And yes, I was born here. But I must say it is an altogether a different place from what I knew.
The place where Thornton’s mill sits was my father’s orchard. ”
“Oh,” was all she could reply, unable to imagine how such a transformation could be made in a few decades.
“Margaret has made friends with some of the mill workers. I believe that is where she has just been this morning,” Mr. Hale told his old friend.
“Has she?” he answered, taking a more comprehensive and approving look at the young woman standing before him. “Fascinating. I suppose theirs is not a very happy state at present with the prolonged strike.”
“Indeed.

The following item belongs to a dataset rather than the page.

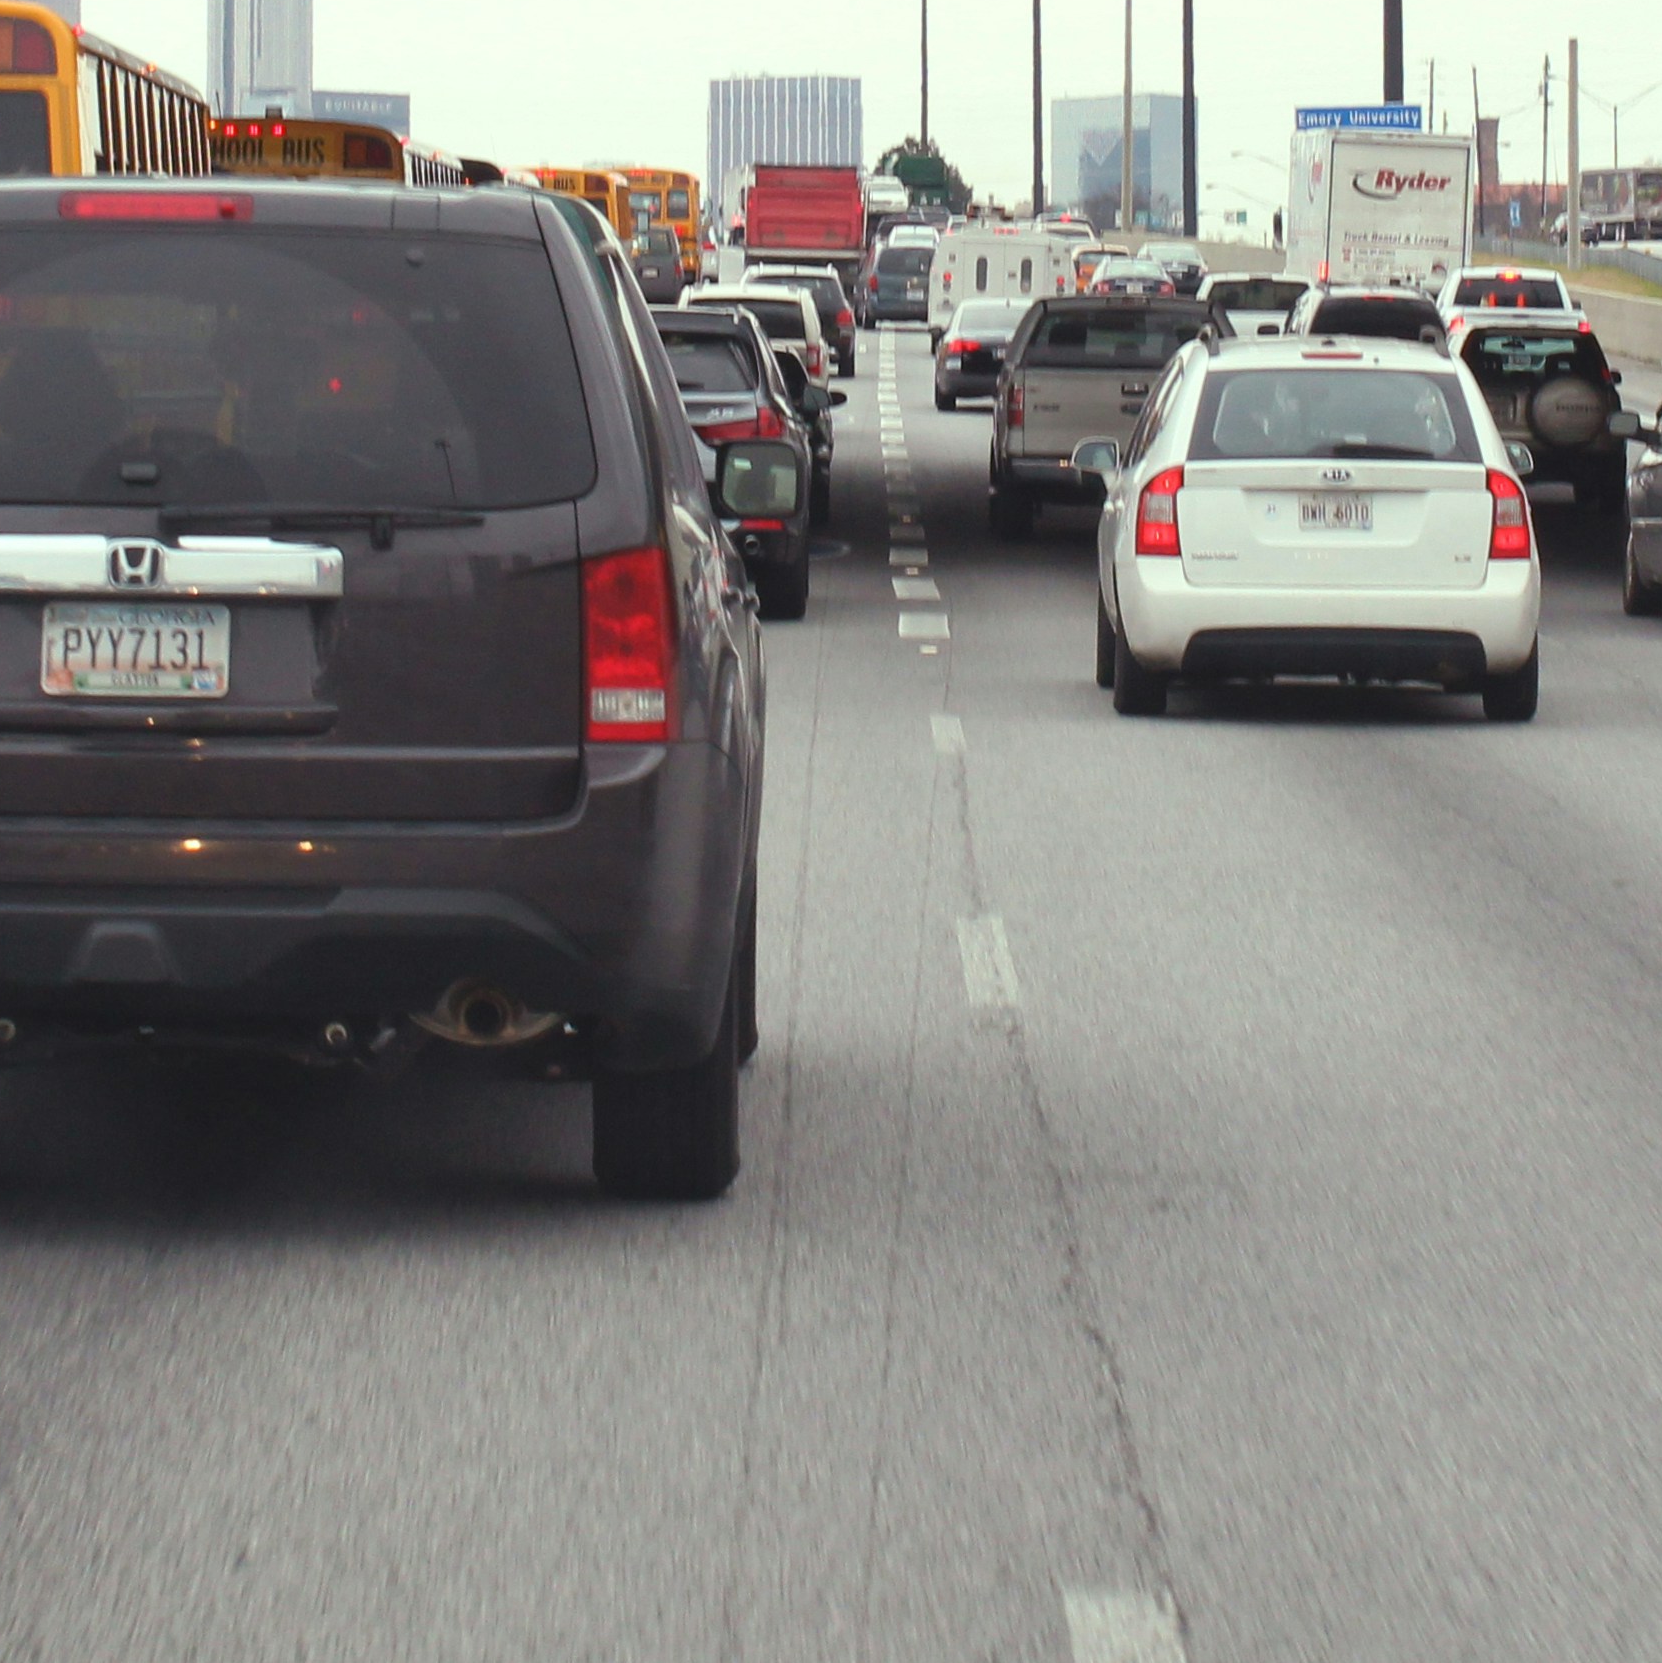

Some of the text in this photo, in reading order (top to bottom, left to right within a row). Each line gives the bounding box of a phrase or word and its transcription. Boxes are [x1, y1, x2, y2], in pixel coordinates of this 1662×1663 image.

I took a basket of food, but of course it is only a small gesture when so many children are starving. It’s a terrible situation with both sides adamant to outlast the other,” Margaret replied.

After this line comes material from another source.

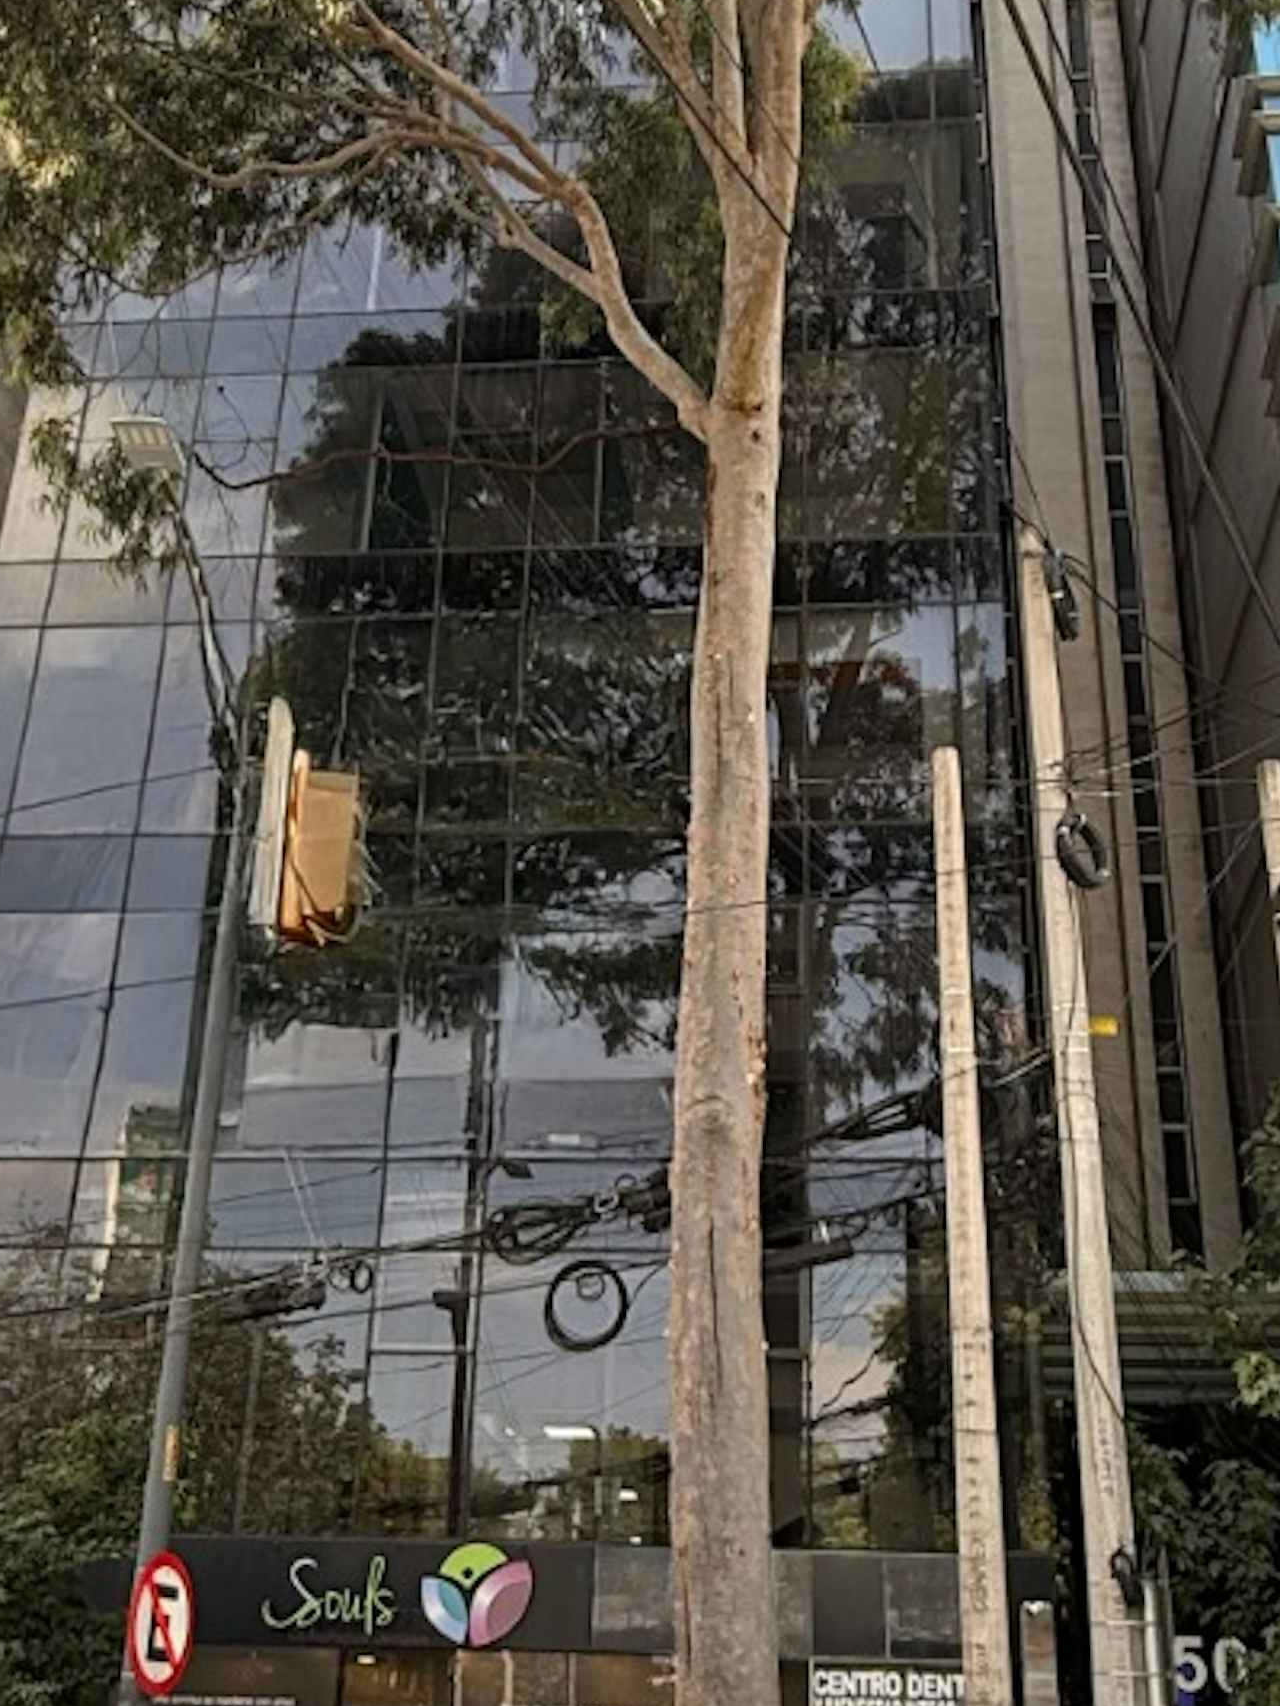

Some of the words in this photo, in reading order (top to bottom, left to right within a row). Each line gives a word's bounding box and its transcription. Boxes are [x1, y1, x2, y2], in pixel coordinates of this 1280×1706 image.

[261, 1555, 398, 1635] Souls
[815, 1671, 902, 1696] CENTRO
[906, 1673, 967, 1699] DENT

“Yes, I am never happier to live far from Milton than when there is yet another strike. I don’t suppose masters and men will ever learn to come to terms, eh?” Mr. Bell posed.
“And I don’t see why they shouldn’t sit down together, man to man, and find a way to understand each other!” Margaret exclaimed, her fresh anger with the suffering she had seen breaking to the surface.

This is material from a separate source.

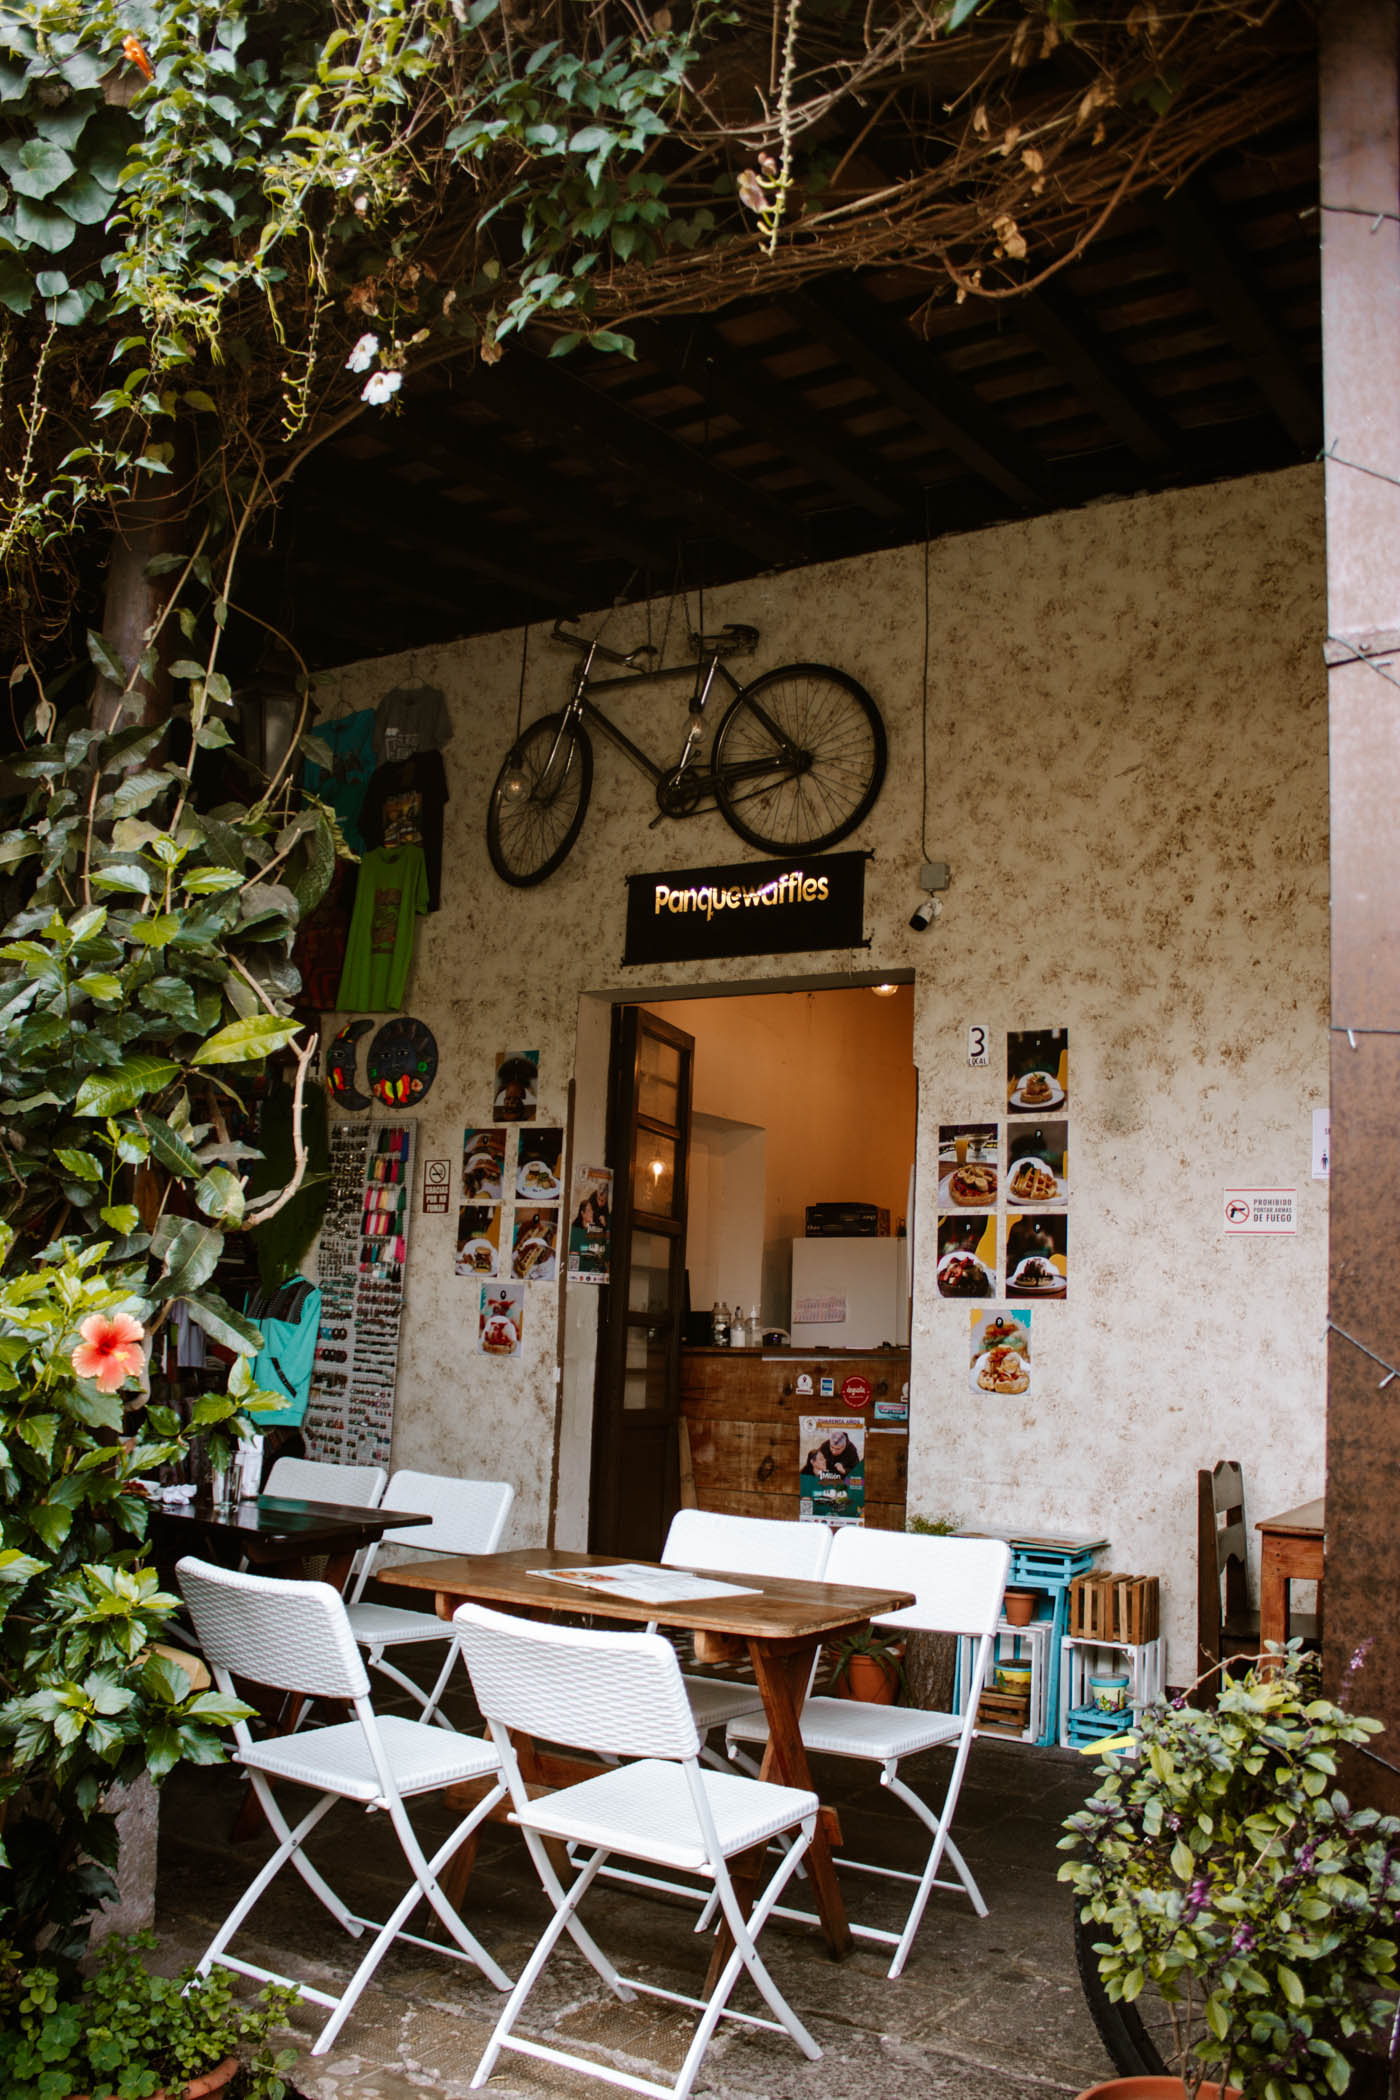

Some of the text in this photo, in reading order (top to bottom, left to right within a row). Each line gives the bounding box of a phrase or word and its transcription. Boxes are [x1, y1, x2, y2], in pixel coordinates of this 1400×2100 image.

[654, 870, 830, 922] Panquewaffles
[970, 1026, 985, 1057] 3
[968, 1057, 987, 1067] LOCAL
[1253, 1214, 1292, 1222] DE FUEGO

Mr. Bell raised his eyebrows at her vehemence.
He glanced at his old friend before returning his gaze to Margaret.
“I see that you have some of your father’s blood in you,” he declared.
He then regaled her with how the quiet Mr. Hale, known for his soft-spoken, reticent ways, had once burst into an angry tirade against the treatment of one of their fellow students, who was obviously from a poorer, Welsh family.
Margaret watched her father smile at this memory. Stories like this filled Margaret’s heart with pride for the unshakable compassion that was at the core of her father’s heart. He surely ‘hated iniquity and every evil way.’
Mr. Bell continued on. “It struck a deep chord in me at the time—and has ever since, I might add—so that we became friends. I have always admired his moral strength.”
“It was only the right thing to do,” Mr. Hale demurred, embarrassed by too much praise.
“It was, but none other of us had the courage to do something about it,” Mr. Bell replied.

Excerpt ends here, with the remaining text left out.